OPINION

Casablanca Chandigarh at CCA

Montréal

29 November 2013

The new exhibition at the Canadian Centre for Architecture, in Montreal, is both strange and familiar. “How architects, experts, politicians, international agencies and citizens negotiate modern planning: Casablanca Chandigarh” is a mouthful that looks at two familiar names and asks what we can learn from them by presenting them as cities that have been misunderstood as export destinations for European modernism.

The exhibition begins with a Strangelovian conference table (exhibition design by Atelier Bow-Wow) covered with reports from UN and other “missions” dispatched from America and Europe. It is surrounded by three tremendous maps detailing who went where, when, and why, as architecture and international development blurred in a new way.

Chandigarh and Casablanca – major Mid-20th Century urban redevelopment projects led by Le Corbusier and Michel Écochard respectively – are almost absent from this dense introduction, which places them in "a new league of modernist cities, where modernism is not universal but something that engages with local conditions… and is dynamic," says co-curator Tom Avermaete, who worked with the architectural historian Maristella Casciato to create the exhibition. Casablanca and Chandigarh are just two examples from a list of projects formed by post-war modernism, decolonization, and the Cold War.
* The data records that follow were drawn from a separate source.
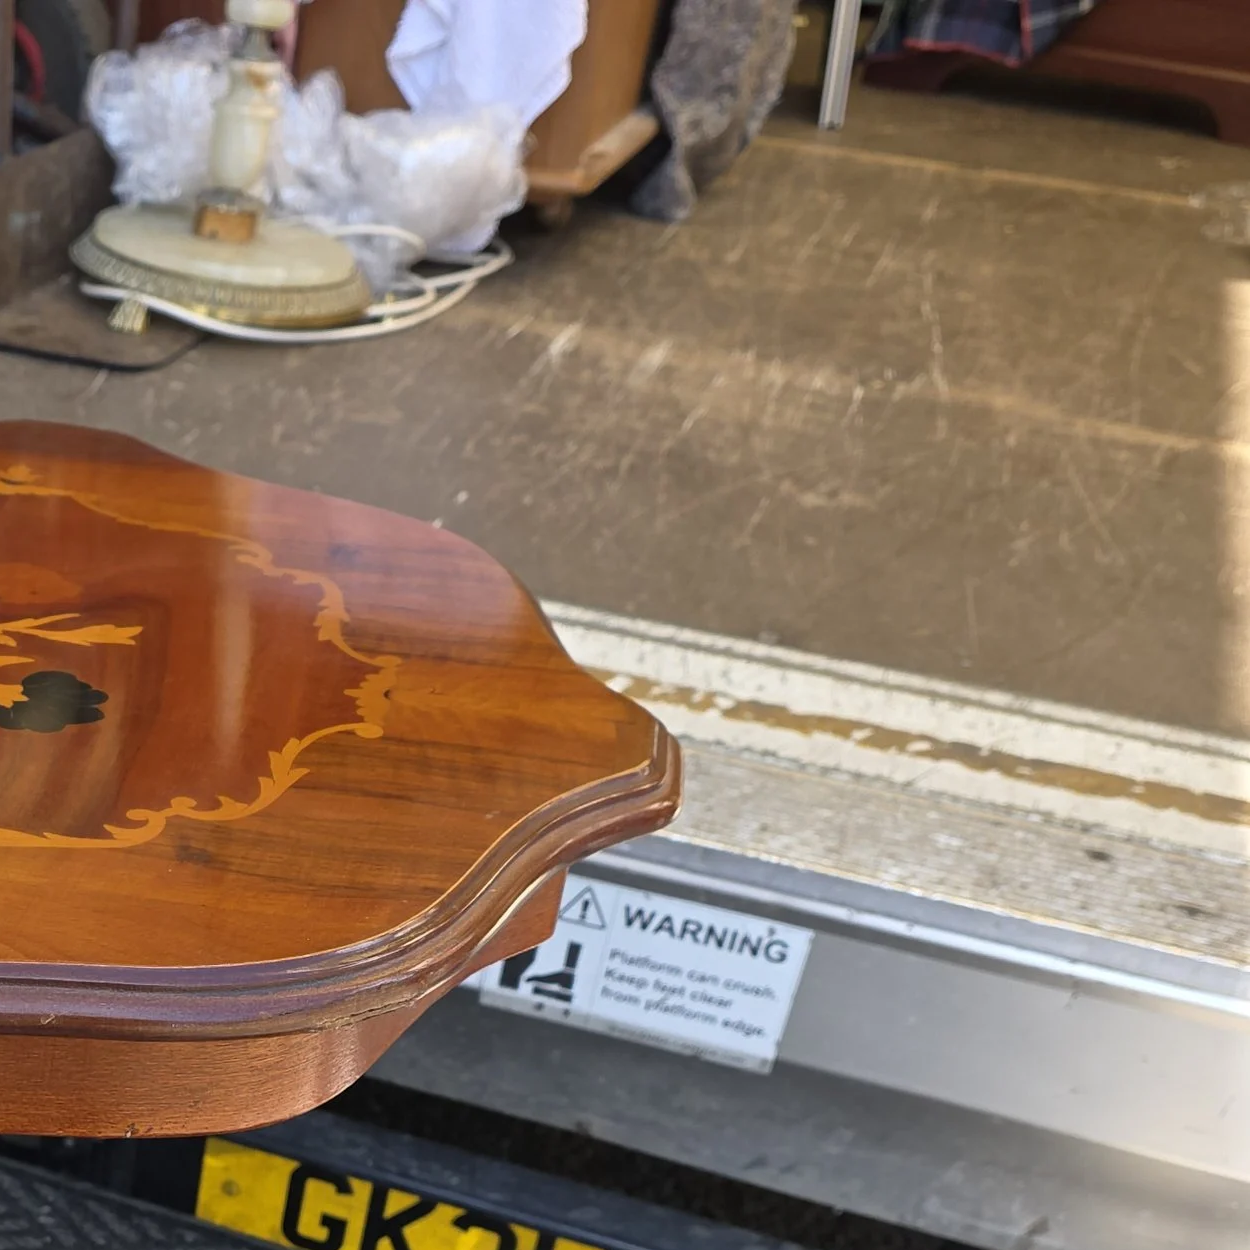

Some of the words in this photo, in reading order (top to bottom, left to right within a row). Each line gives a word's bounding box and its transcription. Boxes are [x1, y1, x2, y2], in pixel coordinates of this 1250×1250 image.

[623, 903, 789, 964] WARNING
[609, 948, 683, 977] Platform
[687, 969, 720, 986] can
[601, 986, 640, 1006] from
[644, 999, 718, 1026] platform
[604, 967, 649, 990] Keep
[653, 978, 686, 998] feet
[690, 990, 733, 1010] clear
Chandigarh was a new capital for post-partition East Punjab. Designed for 500,000 it is typically seen as Le Corbusier let loose in a sparsely inhabited Indian valley. Yet the exhibition critiques this myth through documentation of Corbusier’s exploration and analysis of the site, including full size reproductions of the panels on Chandigarh and Casablanca from the CIAM (Congrès internationaux d'architecture moderne) meeting at Aix-en-Provence in 1953, attached to elegantly curved Bow-Wow walls. Several such rarities come as reproductions from the collections of the Chandigarh Museum.
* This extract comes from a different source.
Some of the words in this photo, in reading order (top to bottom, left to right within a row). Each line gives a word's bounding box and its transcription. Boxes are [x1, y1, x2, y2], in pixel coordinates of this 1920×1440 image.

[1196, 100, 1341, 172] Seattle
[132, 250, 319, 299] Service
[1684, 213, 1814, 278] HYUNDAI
Michel Écochard’s surveying of Casablanca in Morocco is more analytical, highly photographic, and easier to grasp than Corbusier’s explorations, which include surprises like a topographical map but are mostly the sketching you expect, although Corbusier's collaborator and cousin Pierre Jeanneret took thousands of photos. You can flip through Corbusier’s notebooks on a tablet, some of the many facsimiles on hand, and 1950s UN report fetishists will be content. The difference in the approaches also reflects how the densely inhabited Casablanca was more resistant to intervention.
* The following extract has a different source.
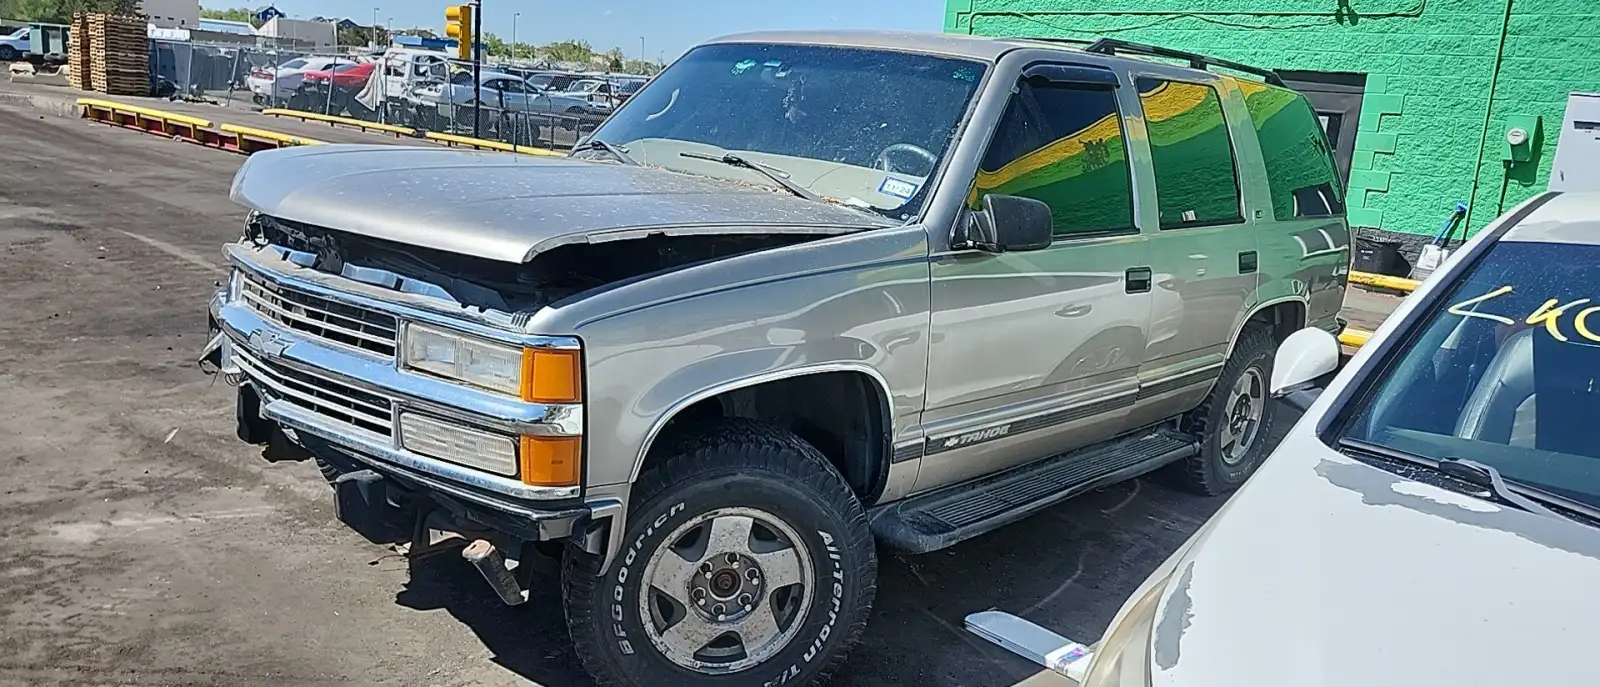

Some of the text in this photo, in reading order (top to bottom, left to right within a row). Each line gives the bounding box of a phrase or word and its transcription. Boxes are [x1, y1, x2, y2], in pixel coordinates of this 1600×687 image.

[960, 424, 1011, 444] TAHOE
[611, 502, 685, 655] BFGoodrich
[803, 530, 844, 662] All-Terrain
The exhibition continues into two rooms detailing the complexity of Écochard’s work planning the city’s expansion at a time of massive rural migration. Unlike Chandigarh, Écochard's project was not for a new city but for the rationalized periphery of a very old one. Écochard’s primary tool as Director of the Morocco Department of Urban Planning was a slum clearance grid, an "element of negotiation" for others to engage with. It produced thousands of minimum houses with courtyards, but the best examples of “negotiation” seem to be the vertical cities designed by invited (European) architects to densify the mostly horizontal new developments.

The CCA has a tradition of photography commissions, famously sending Robert Burley, Lee Friedlander, and Geoffrey James to visit Frederick Law Olmstead’s projects for seven years. For Casablanca Chandigarh, the artists Yto Barrada and Takashi Homma were commissioned to produce work on the contemporary situation in these cities, with Homma also producing videos showing people moving through the Chandigarh bus terminal and the law courts. These are some of the most interesting and frustrating objects in the exhibition because they raise questions that are not answered.

The exhibition convincingly and beautifully shows the complexity and contingency of two modernist projects, but it struggles to balance strongly historic material with a desire for contemporary relevance. Few of us recognise heroic plans beneath our cities, but we are intimately familiar with what happens after: the negotiations of generations of citizens, politicians, and planners. But these 60 years do not appear in Casablanca Chandigarh, even though Chandigarh is twice as populous today as planned and Écochard’s grid was used until 1984.

Events and lectures would have been one strategy to fill the gap that the exhibition ambitiously creates for itself. The book—not a catalogue—comes out in 2014 and would be another. Current plans for the public programs are to expand the range of examples by looking at alternate locations, while the book will develop the historical themes in greater detail. Perhaps it will also offer more recent evidence for these cities “built-in capacity to constantly negotiate the changing practices of modern life.”

Casablanca Chandigarh is a fascinating exploration of how two modernist projects were actually planned, but it could say more about how they have been inhabited. The new photography is a start in this direction and this is an achievement: when is the last time a historical architectural exhibition gestured so clearly and suggestively at the present?